His attention seemed to wander, linger in space. He flipped the screwdriver in the air and caught it. “Atlas said that to your face?”

“More or less.”

“Talk to me while I work. Don’t lean against the wall. The whole place will fall down.” He went inside the garage to a workbench that had an amplifier and a soldering iron and a cherry-red electric guitar on it. He propped his hands on the bench and stared at the motes floating in a shaft of sunlight. His spine was etched against his skin, both sides of his back crosshatched with scars, some as fine as

a cat’s whiskers. When we’d fought, he had been bare-chested, but I hadn’t seen the injury someone had done to his body.

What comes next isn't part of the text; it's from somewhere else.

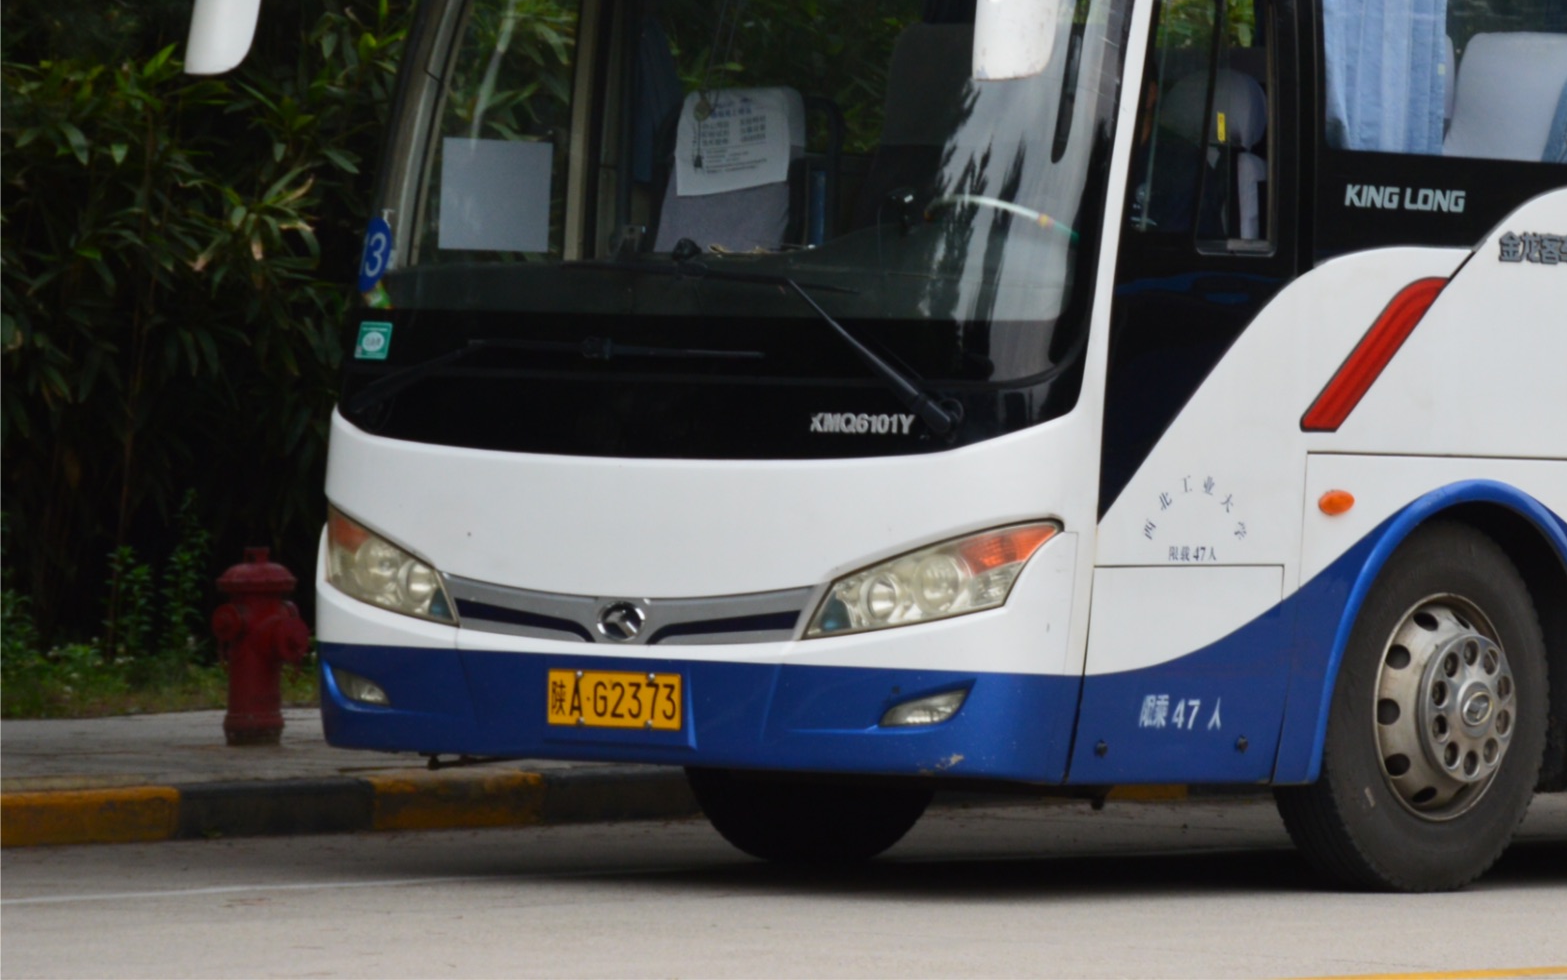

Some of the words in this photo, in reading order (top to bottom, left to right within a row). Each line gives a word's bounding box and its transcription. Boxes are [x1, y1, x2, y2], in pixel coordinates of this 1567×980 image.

[1345, 184, 1400, 209] KING
[1404, 187, 1466, 212] LONG
[810, 412, 916, 435] XMQ6101Y

“I’m going to line it out for you,” he said. “You tell anybody we’re talking to each other, you and me are going to have another go at it. Comprendo? Wanda was hooking out of a couple of clubs in Galveston and sometimes in Big D because a lot of political guys live there. The clubs were a setup to blackmail politicians and big shots in the oil business. That’s where she met Harrelson.”

“He was a customer?”

“No, he hangs with Atlas and pretends he’s a hood and a rich-boy badass. He took Wanda out a couple of times, and he probably got it on with her, since that was her line of work. Except she fell in love with him. Then he dumped her and she went nuts. That’s when you came along.”

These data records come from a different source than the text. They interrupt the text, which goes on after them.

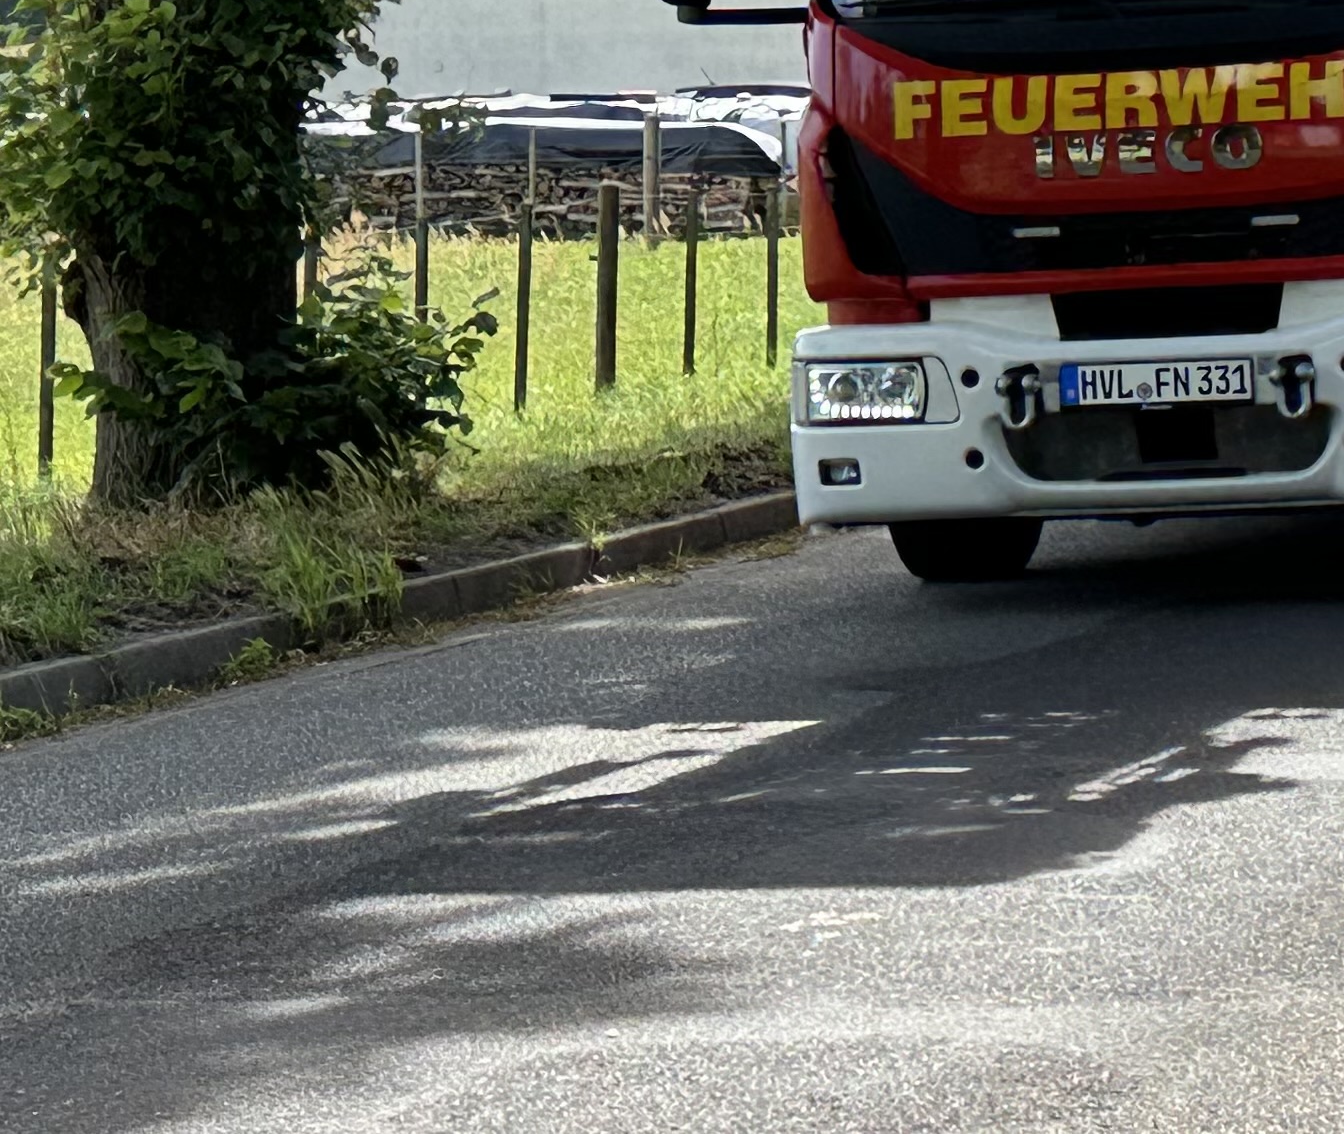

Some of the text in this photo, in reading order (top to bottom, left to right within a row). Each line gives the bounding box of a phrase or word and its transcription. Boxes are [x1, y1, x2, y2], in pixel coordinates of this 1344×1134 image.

[1033, 124, 1263, 180] IVECO
[1081, 364, 1248, 400] HVL FN 331
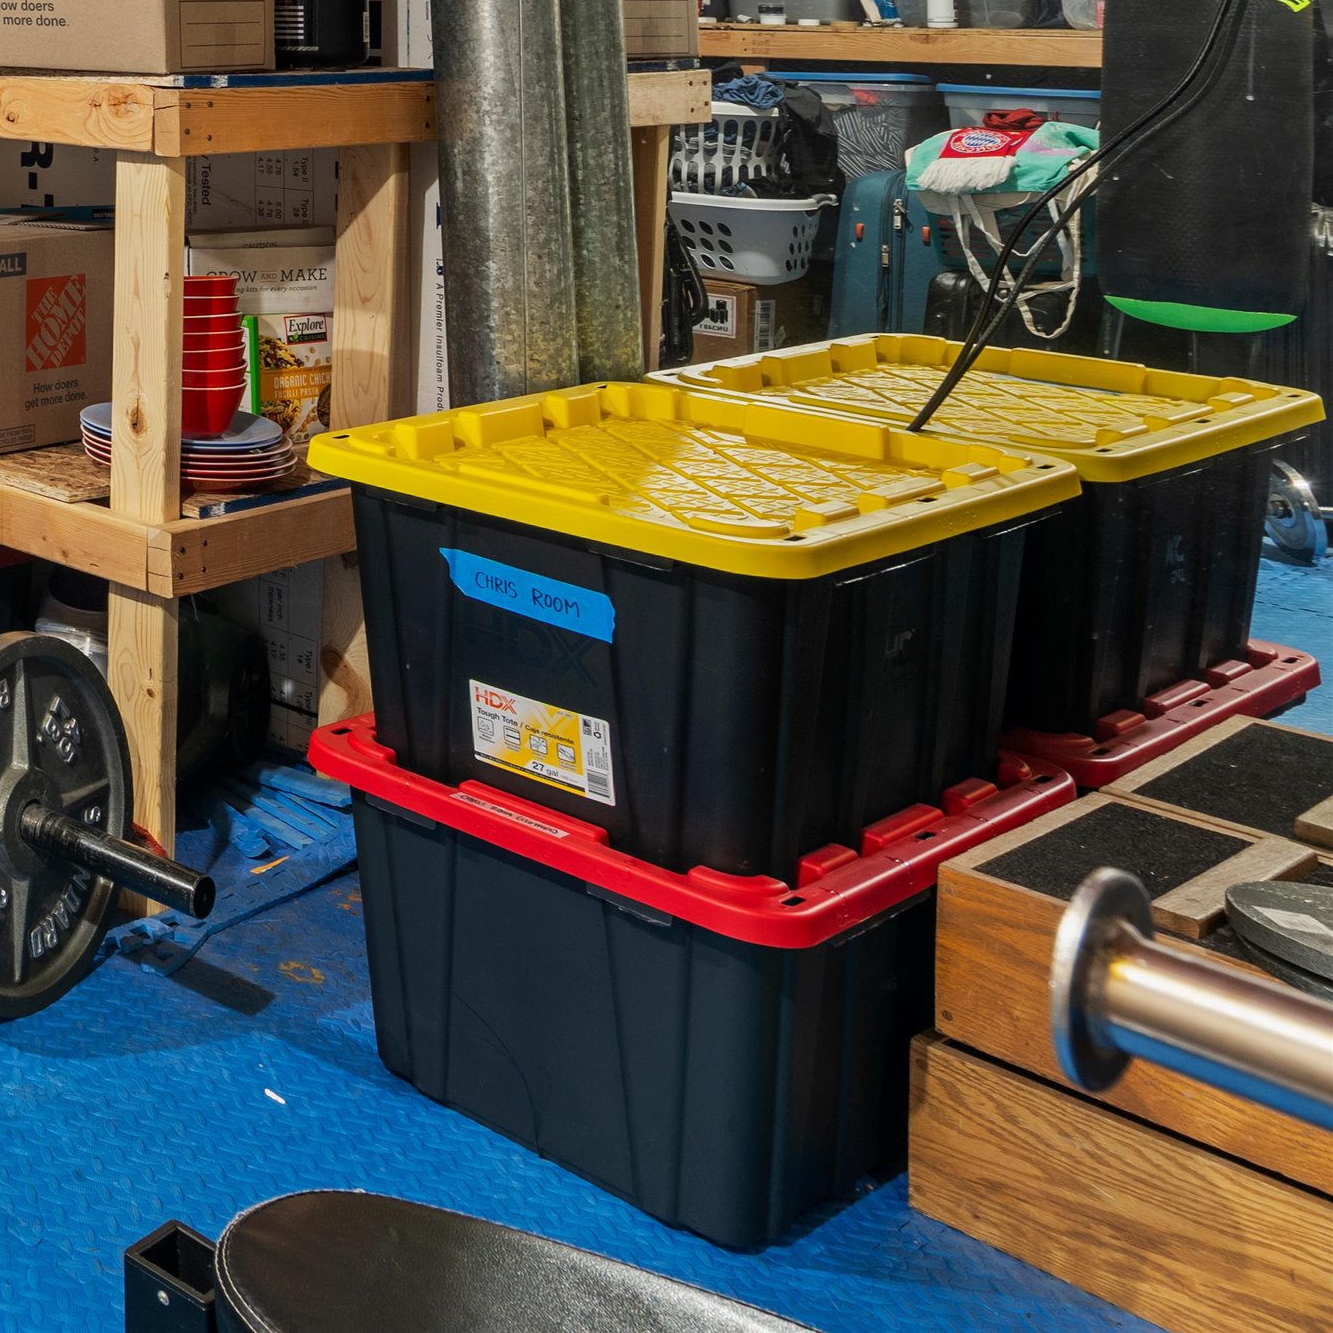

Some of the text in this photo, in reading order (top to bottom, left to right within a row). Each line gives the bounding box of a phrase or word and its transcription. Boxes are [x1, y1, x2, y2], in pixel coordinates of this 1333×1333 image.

[20, 0, 55, 12] doers
[2, 16, 34, 27] more
[259, 272, 278, 281] AND
[279, 267, 328, 282] MAKE
[244, 283, 319, 295] kits for every occasion
[26, 274, 87, 371] HOME
[287, 316, 326, 335] Explore
[49, 304, 87, 369] DEPOT
[33, 377, 80, 395] How doers
[273, 373, 309, 389] ORGANIC
[274, 386, 320, 400] FUSILLI PASTA
[24, 397, 40, 412] get
[40, 394, 64, 408] more
[474, 570, 581, 619] CHRIS ROOM
[474, 686, 517, 715] HDX
[476, 706, 576, 746] Tough Tote Caja resistente
[531, 760, 560, 780] 27 gal

“At the drive-in in Galveston?”

“Harrelson knew you’d be coming to Valerie Epstein’s house, and he told us to mess you up.”

“And you did it because he told you?”

He began soldering a wire inside the amplifier. Then he set down the iron. The scars across his back looked like lesions that had healed badly. “Harrelson said if we ran you off, he’d get Wanda cut loose from her job and send her to beautician school. He promised to get my brother a Teamster card.”

“Cut her loose?” I said.

“Where’ve you been? You think you resign from the Mafia and file for unemployment?”

“What happened to your back?”

“Poison ivy.”

“Anyone ever tell you that you look like Chet Baker?”

“Yeah, I hear that all the time. What’s with you, man? You got a black carrot growing on your brain?”

“Can I see your guitar?”

“He’p yourself.”

I picked it up and worked the strap over my shoulder. The cherry finish was chipped, but the neck was straight, all the surfaces clean, the tuning pegs lightly oiled, the strings new and hovering just above the frets.

“It’s a little out of tune. Mind?”

“Do whatever you want,” he said, and went back to working on the amplifier. But he was looking out the side of his eye and was not as disinterested as he pretended.

“Know what a problem of conscience is?” I said, twisting the tuning pegs.

“Lay off that stuff, man.”

“I hear you. I can’t take unctuous people.”